SÃO PAULO, 25 AGO (ANSA) - Por Tatiana Girardi - Pequeno país encrustado na Península Arábica, o Catar vem ganhado destaque nos últimos anos seja por motivos esportivos, políticos ou de crises regionais.   

Nação com uma das maiores rendas per capita do mundo, em valor que beira a US$ 144 mil, a monarquia árabe tem apenas 2,5 milhões de habitantes e uma economia baseada em gás e petróleo - o que garante uma riqueza extraordinária. O emirado conseguiu sua independência do Reino Unido apenas em 1971 e ficou por muitos anos sendo visto como um país que atraía investidores por conta de suas riquezas minerais. "Por ser um país pequeno e politicamente estável, isso acaba deixando o Catar em uma posição privilegiada, com um investimento permanente alto onde você não tem um risco de uma turbulência política. É uma soma, na realidade, de ter muito recurso natural, um tamanho pequeno [...] e uma estabilidade política que garante que os investimentos não saiam desse país", explica o professor de Relações Internacionais da Fundação Getúlio Vargas (FGV), Guilherme Casarões.   

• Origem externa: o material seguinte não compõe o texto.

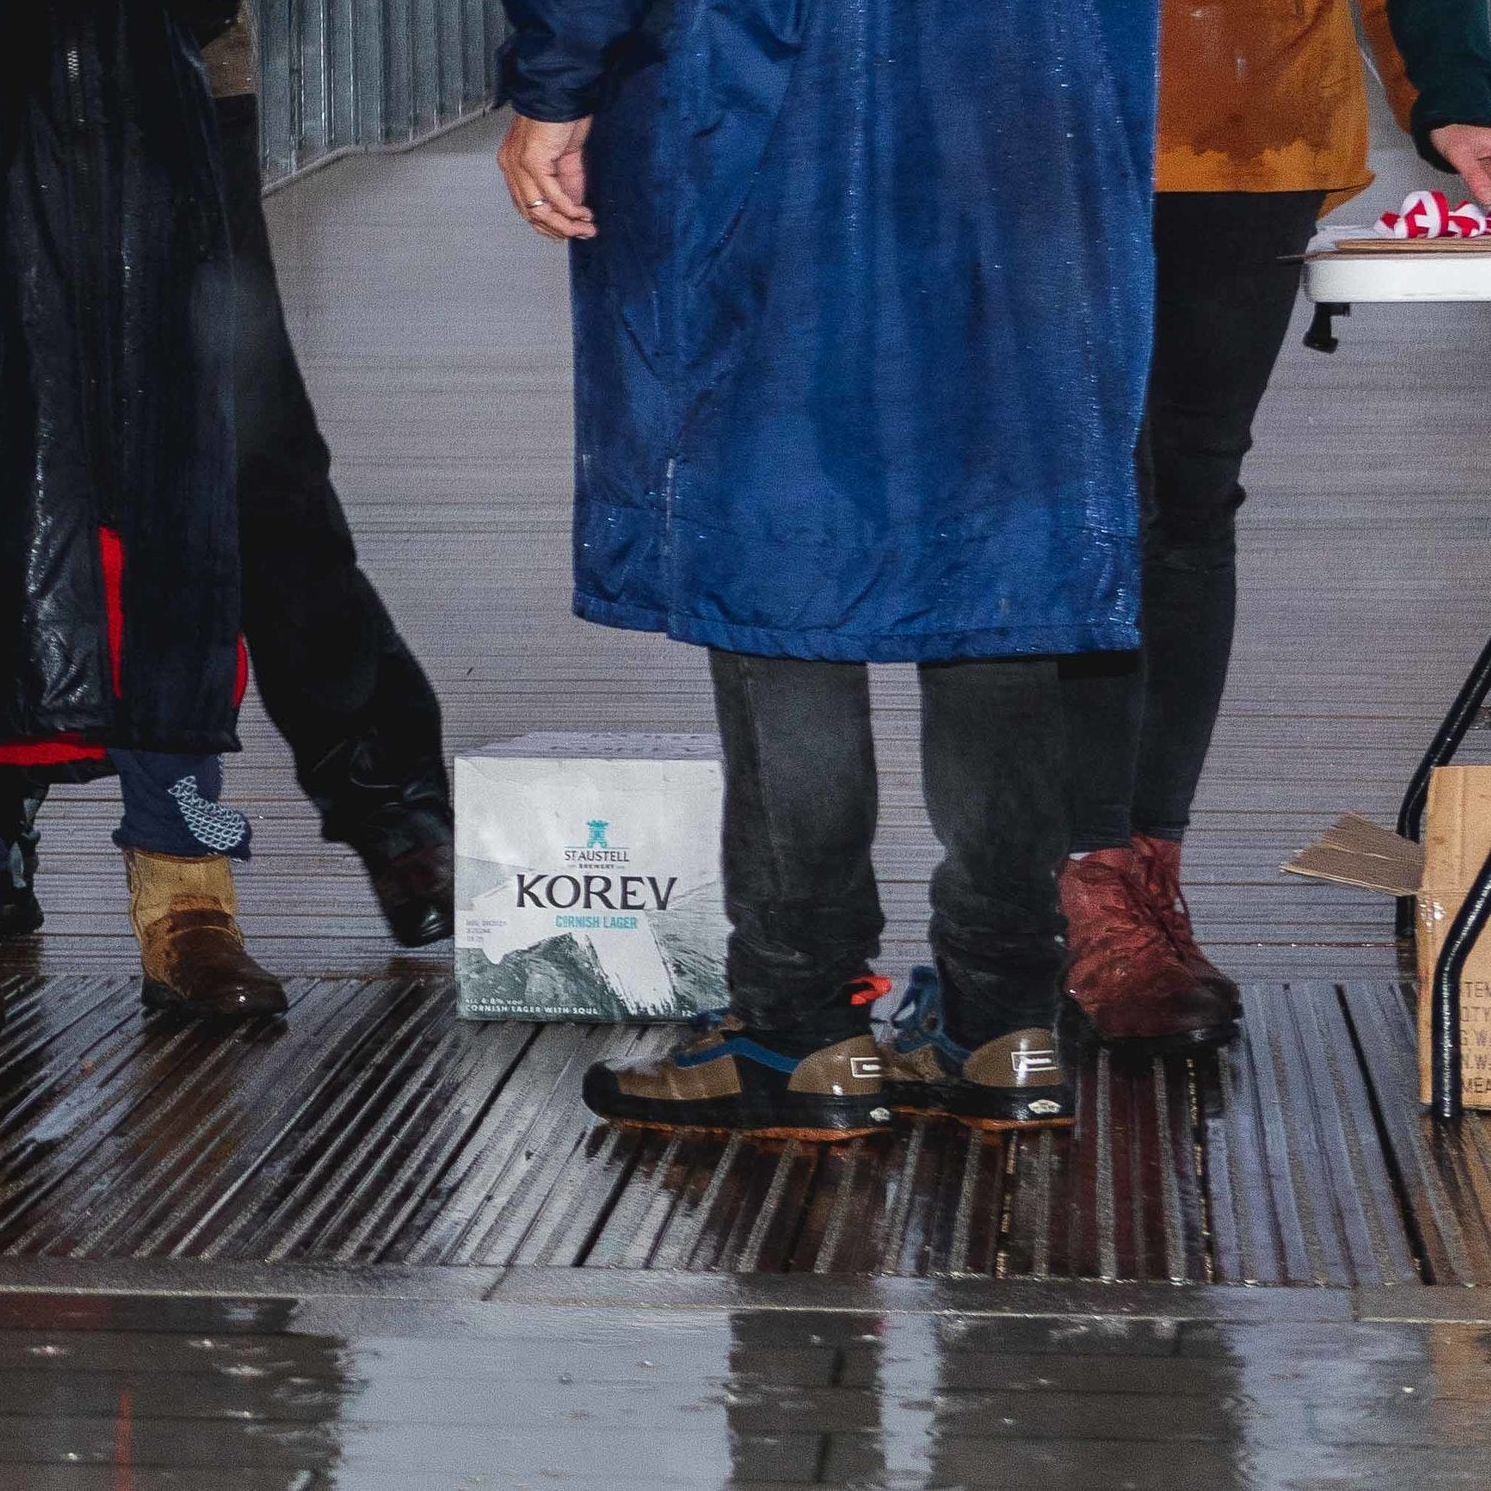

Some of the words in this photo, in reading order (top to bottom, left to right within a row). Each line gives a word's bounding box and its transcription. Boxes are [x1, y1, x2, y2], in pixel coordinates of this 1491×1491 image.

[578, 851, 630, 862] AUSTELL
[516, 873, 678, 911] KOREV
[555, 914, 600, 928] CORNISH
[603, 915, 637, 929] LAGER
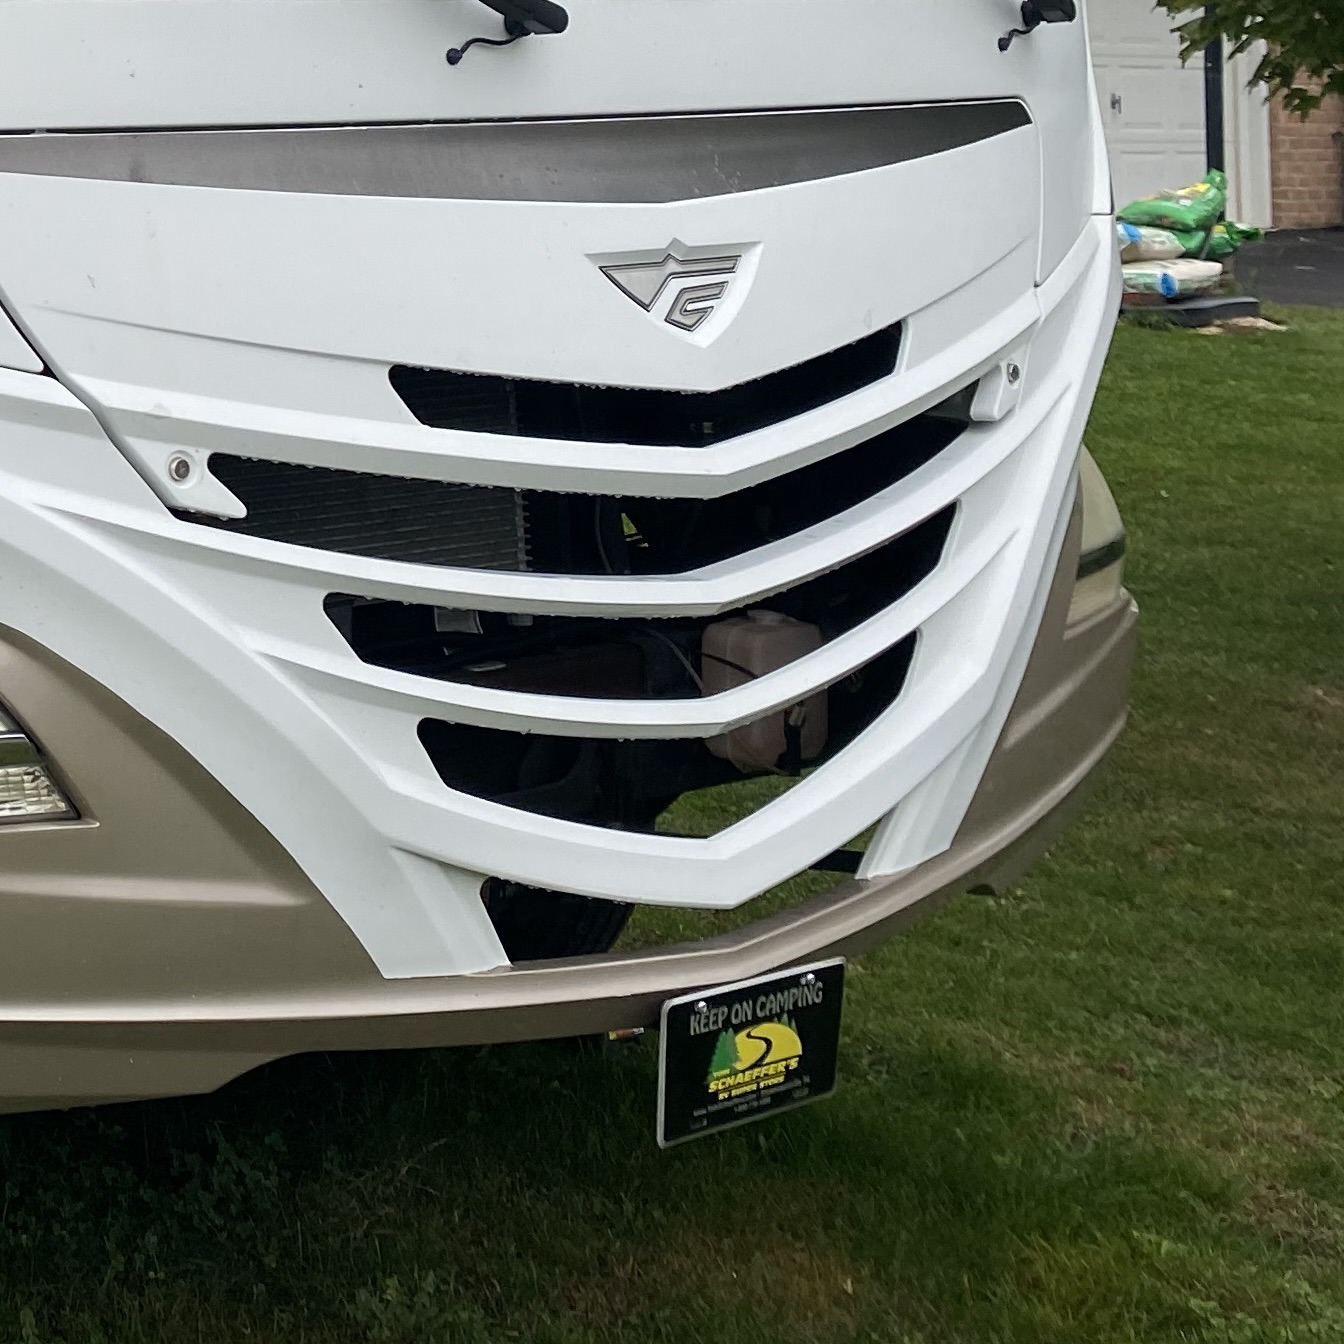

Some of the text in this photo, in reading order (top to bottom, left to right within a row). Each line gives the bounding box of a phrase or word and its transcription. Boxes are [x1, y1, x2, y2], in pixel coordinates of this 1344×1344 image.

[690, 981, 823, 1036] KEEP ON CAMPING
[708, 1057, 800, 1093] SCHAEFFER'S
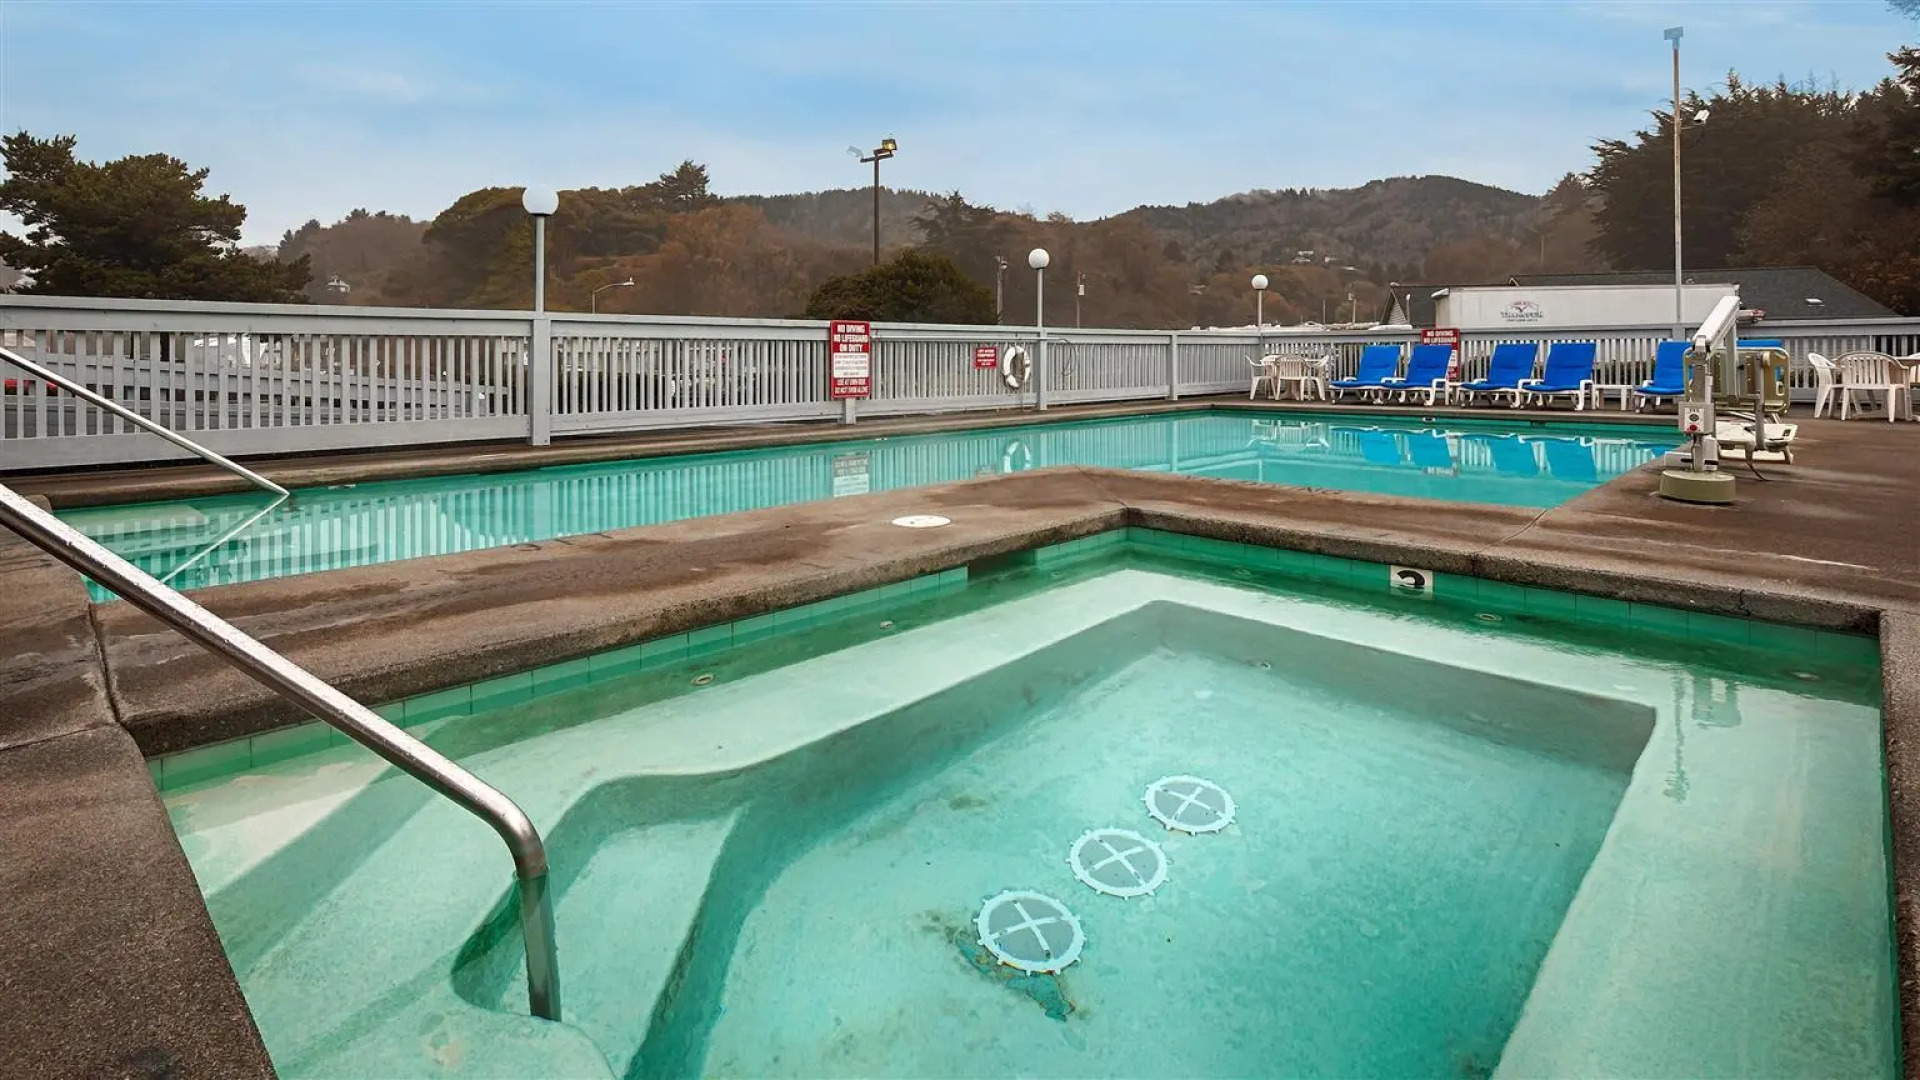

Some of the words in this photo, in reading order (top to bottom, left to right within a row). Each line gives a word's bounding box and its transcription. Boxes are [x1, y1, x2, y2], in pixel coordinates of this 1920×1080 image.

[837, 324, 846, 333] NO
[846, 324, 866, 333] DIVING
[833, 334, 841, 342] NO
[841, 334, 868, 343] LIFEGUARD
[839, 343, 848, 352] ON
[848, 343, 863, 352] DUTY
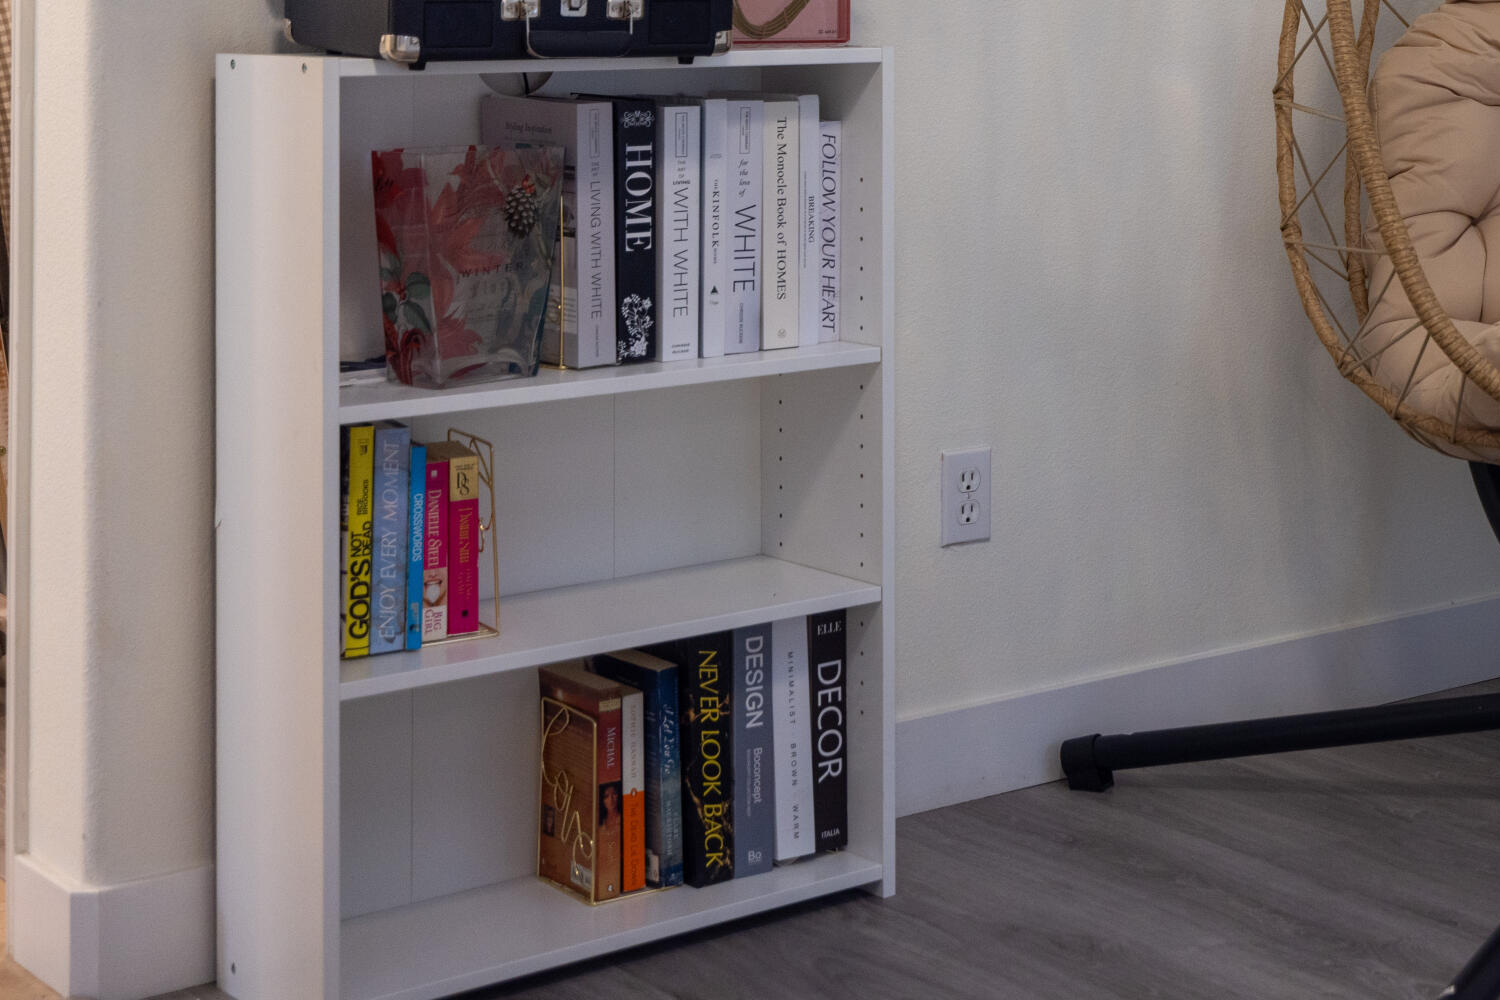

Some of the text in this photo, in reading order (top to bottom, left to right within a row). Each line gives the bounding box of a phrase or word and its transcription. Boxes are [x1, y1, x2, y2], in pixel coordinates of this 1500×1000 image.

Com esse roteiro de estabilidade, desde 2009, Doha tem feito uma política para tentar ser mais "independente" da força da Arábia Saudita na região, colocando-se como um "protagonista" da região - e isso começou a acarretar problemas.   

No início do mês de junho, a pequena nação virou alvo de um bloqueio econômico regional de seus vizinhos, em um boicote liderado pelos sauditas e seguido por Bahrein, Egito e Emirados Árabes Unidos. Essas nações ainda cortaram suas relações diplomáticas com o país e fizeram uma série de exigências para que tudo voltasse "à normalidade".   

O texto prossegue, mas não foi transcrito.